La clope au bec, il examine ma joue sous toutes les coutures.
— Rassure-toi, une simple claque ne laissera pas de séquelle. C'est juste un peu rouge.
Je hausse les épaules. La douleur qui me brûle les veines est loin d'être d'ordre physique. Mon ego a pris un coup, devant tout le monde. Je me pensais hermétique à ce genre d'émotion. Pourtant, face au regard des gens, je ne savais plus où me mettre.
— T'as fait quoi ?
— Pourquoi j'aurais fait quelque chose ?
Gavin plisse les yeux.
— Me prends pas pour un lapin de trois semaines. Si la couturière t'a frappé, c'est que tu as été désobligeant.
— Même pas. On s'est mal compris, c'est tout.
— Evan ! Je t'adore. Mais je vais me ranger du côté d'Ophélie. Je te connais, je suis sûr que t'as merdé.
— Sympa. Merci pour le vote de confiance.
Je m'appuie sur la rambarde et observe la rangée d'immeubles à l'architecture typiquement parisienne. Dès que je me trouve dans cette ville, je me sens dépaysé. Les bâtiments londoniens sont loin d'être dépourvus de charme mais ils ne ressemblent en rien à ceux de Paris.
— Raconte ! Qu'est-ce qu'il s'est passé ?
— Rien. On parlait de poids et j'ai...
— Biiiip !
Je tourne la tête vers Gavin et fronce les sourcils.
— Je peux finir ?
— T'en as assez dit, je suis sûr que je peux deviner le reste.
— Je t'écoute !
Gavin s'appuie à son tour sur la rambarde.
— Tu as fait une estimation sur son poids. Et sans trop m'avancer, je dirai que tu l'as surestimé.
Je serre les mâchoires. Merde ! Ce con me connaît mieux que moi-même. Je suis si transparent ?
— Mes propos n'avaient rien d'insultants. J'ai juste dit que comparativement à la moyenne d'une personne en surpoids, quatre-vingt kilos n'étaient pas grand-chose.

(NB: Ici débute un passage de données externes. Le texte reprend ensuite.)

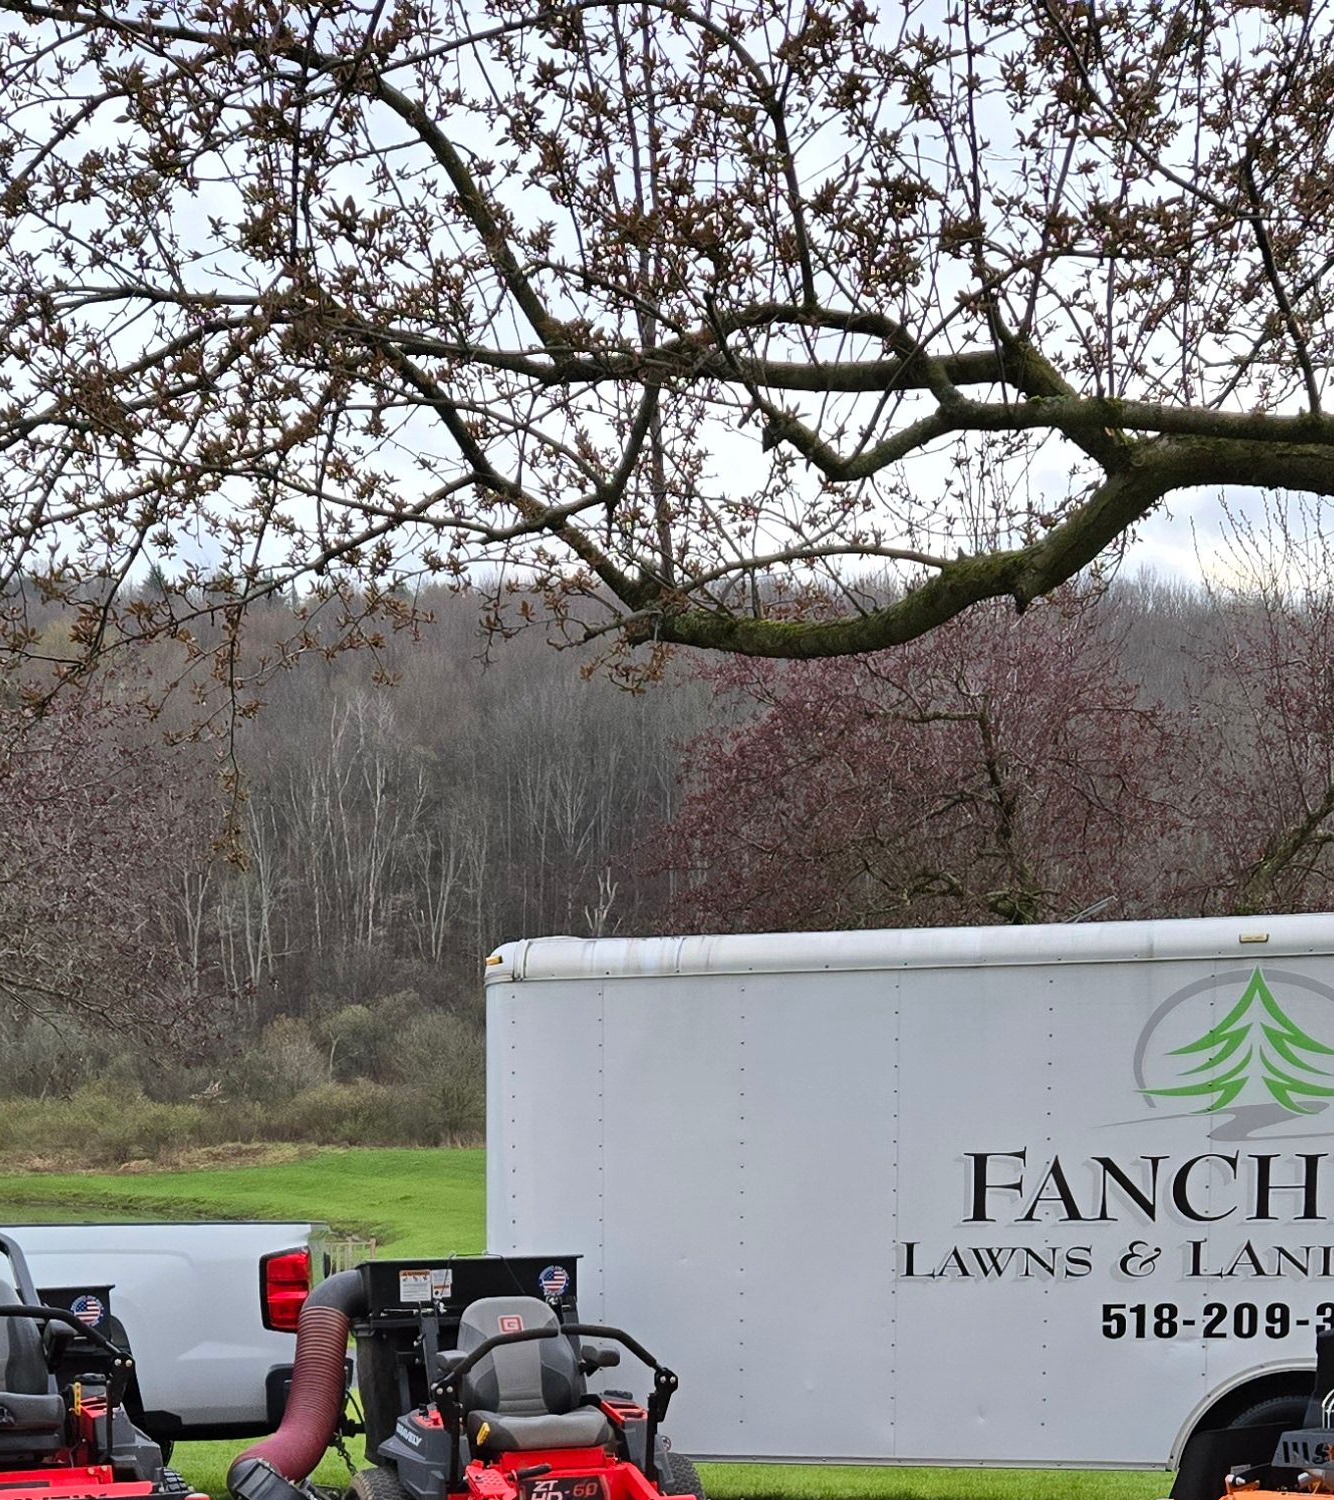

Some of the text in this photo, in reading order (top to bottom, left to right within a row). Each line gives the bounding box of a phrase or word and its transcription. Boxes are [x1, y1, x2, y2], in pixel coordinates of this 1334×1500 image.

[900, 1241, 1093, 1278] LAWNS
[1120, 1240, 1162, 1277] &
[533, 1480, 559, 1493] ZT

Abasourdi, Gavin ouvre grand la bouche et laisse échapper sa clope qui s'écrase sur le crâne dégarni d'un type qui marche sur le trottoir. Quand il s'en aperçoit, il lève la tête. Nous avons tout juste le temps de nous reculer pour qu'il ne puisse nous identifier.
— PUTAIN ! Qui est l'enculé qui a jeté son mégot ?
Mon meilleur ami et moi échangeons un regard interdit. Puis amusé, j'étouffe mon rire dans mon poing.
Le type continue de nous insulter à tout va.
— Bienvenue en France, murmure Gavin.
— On devrait peut-être s'excuser, non ?
— C'est amusant que tu le proposes. Commence par Ophélie, sinon le temps va être long jusqu'à la Fashion Week.
La victime de Gavin finit par s'éloigner dans la rue. Sa voix s'éteint progressivement. Lorsque nous nous relevons, nous nous tenons loin de la rambarde. Je finis par m'appuyer contre la baie vitrée.
—Bref ! T'as merdé mon pote. Tu l'as bien regardée, Ophélie ? D'accord, elle est grande. Elle doit avoisiner le mètre quatre-vingt. Ma main à couper qu'elle ne fait même pas soixante kilos.
Avant que je puisse me justifier, il lève l'index pour m'en empêcher et poursuit :
— Le poids, c'est intime.
Pourquoi tout le monde me répète ça ?
— Ce n'est qu'un chiffre abstrait, crée par une unité de mesure humaine, rétorqué-je. Il n'a aucune tangibilité visuelle.
— Par pitié, quand tu t'excuseras, évite cette explication.
— Pourquoi ?
Gavin soupire.
— Si j'avais su qu'en devenant ton ami je devrais refaire ton éducation, j'y aurais réfléchi à deux fois.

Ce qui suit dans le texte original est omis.